Left Coronary Artery

Now, the left coronary artery heads along the left coronary sulcus, a groove on the outer surface of the heart that marks the point of division between the ventricles and the atria. Not too far along the sulcus, the left coronary artery divides into two major branches. The first is the left anterior descending artery or LAD. It travels down the anterior interventricular sulcus, and it supplies the anterior 2/3 of the interventricular septum, the anterolateral papillary muscle, and the anterior surface of the left ventricle. The second branch is the left circumflex artery or LCX. It goes along the coronary sulcus, around the left side of the heart and supplies the left atrium and the posterior walls of the left ventricle.

Right Coronary Artery

Alternatively, the right coronary artery heads in the opposite direction, following the coronary sulcus, and along the way it supplies the SA node It later divides into two branches. The first is the right marginal artery, which stretches along the margins of the bottom right side of the heart, supplying the right ventricle. The second branch is the posterior descending artery or PDA, sometimes called the posterior interventricular artery.
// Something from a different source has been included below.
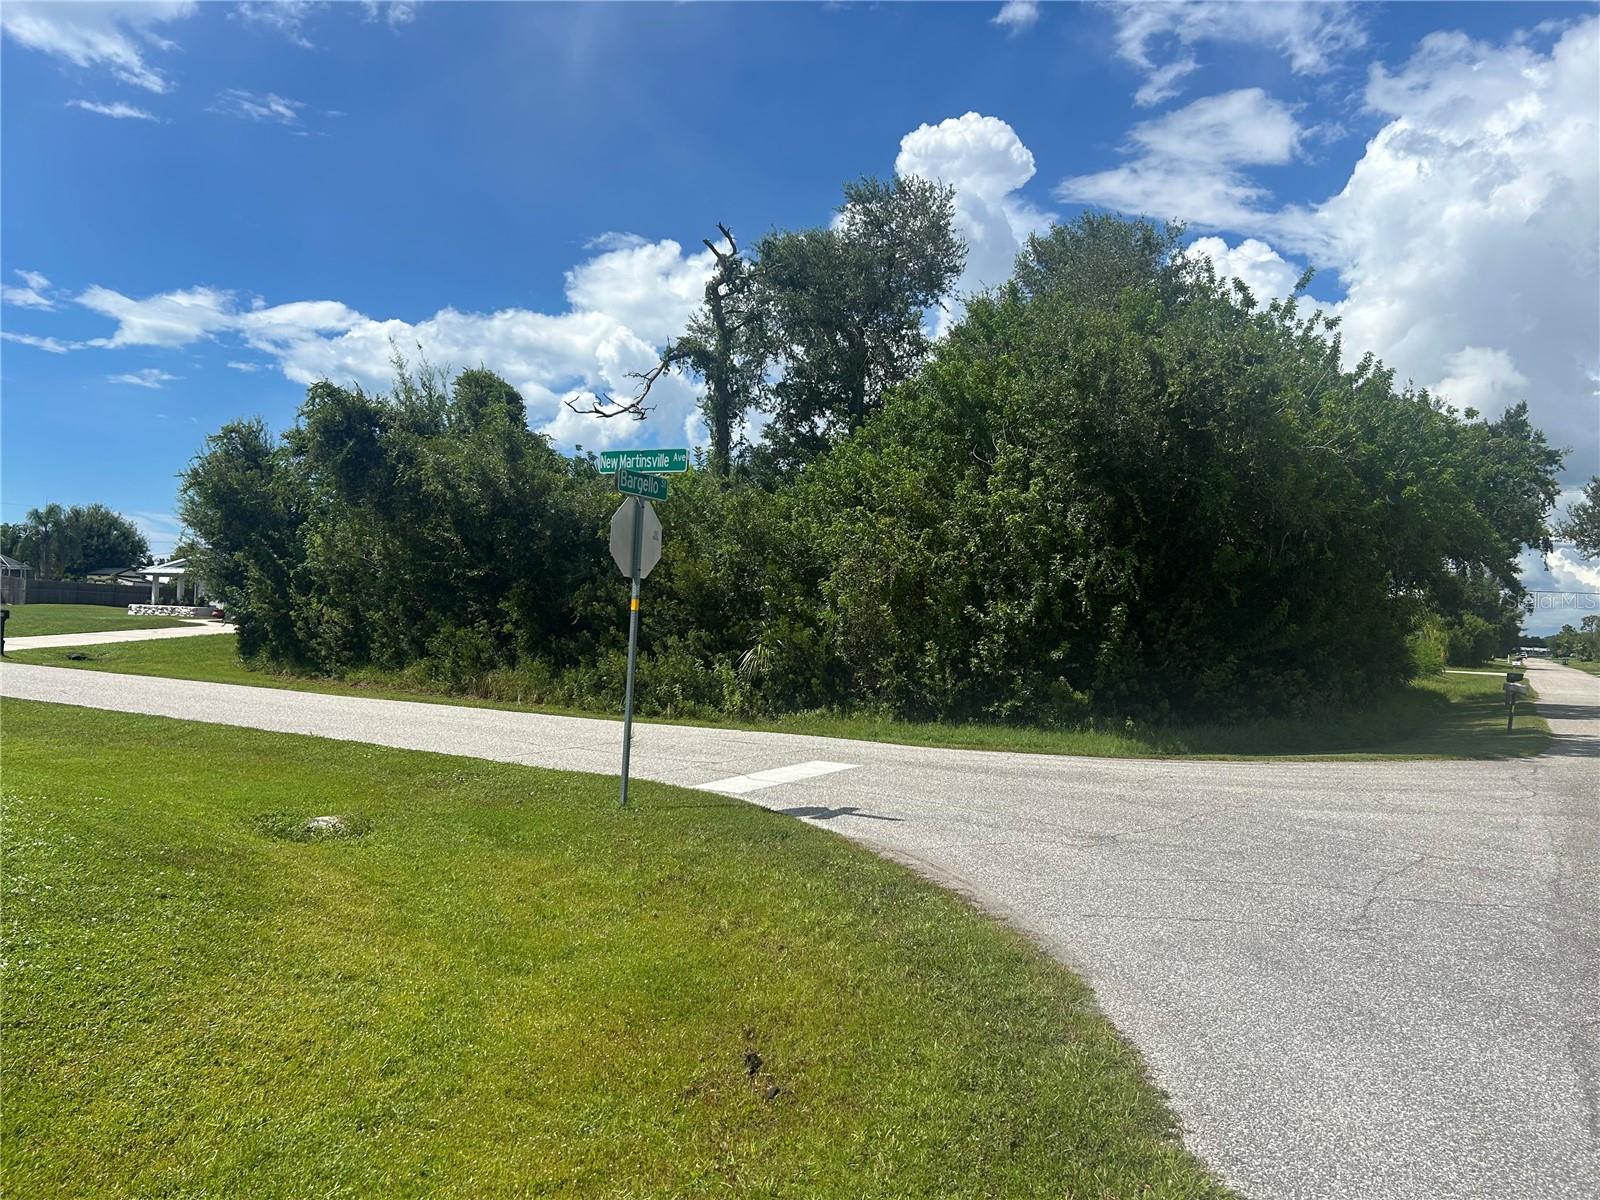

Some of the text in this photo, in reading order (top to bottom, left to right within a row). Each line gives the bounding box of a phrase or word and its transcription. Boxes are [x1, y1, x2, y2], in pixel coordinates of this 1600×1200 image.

It goes down the posterior interventricular sulcus towards the heart’s apex while supplying the posterior 1/3 of the interventricular septum the posterior 2/3 of the ventricular walls, and the posteromedial papillary muscle. At the apex, the posterior descending artery merges with its anterior counterpart, through interconnected arterial branches called anastomoses. Together, they supply the right atrium and nearly all of the right ventricle.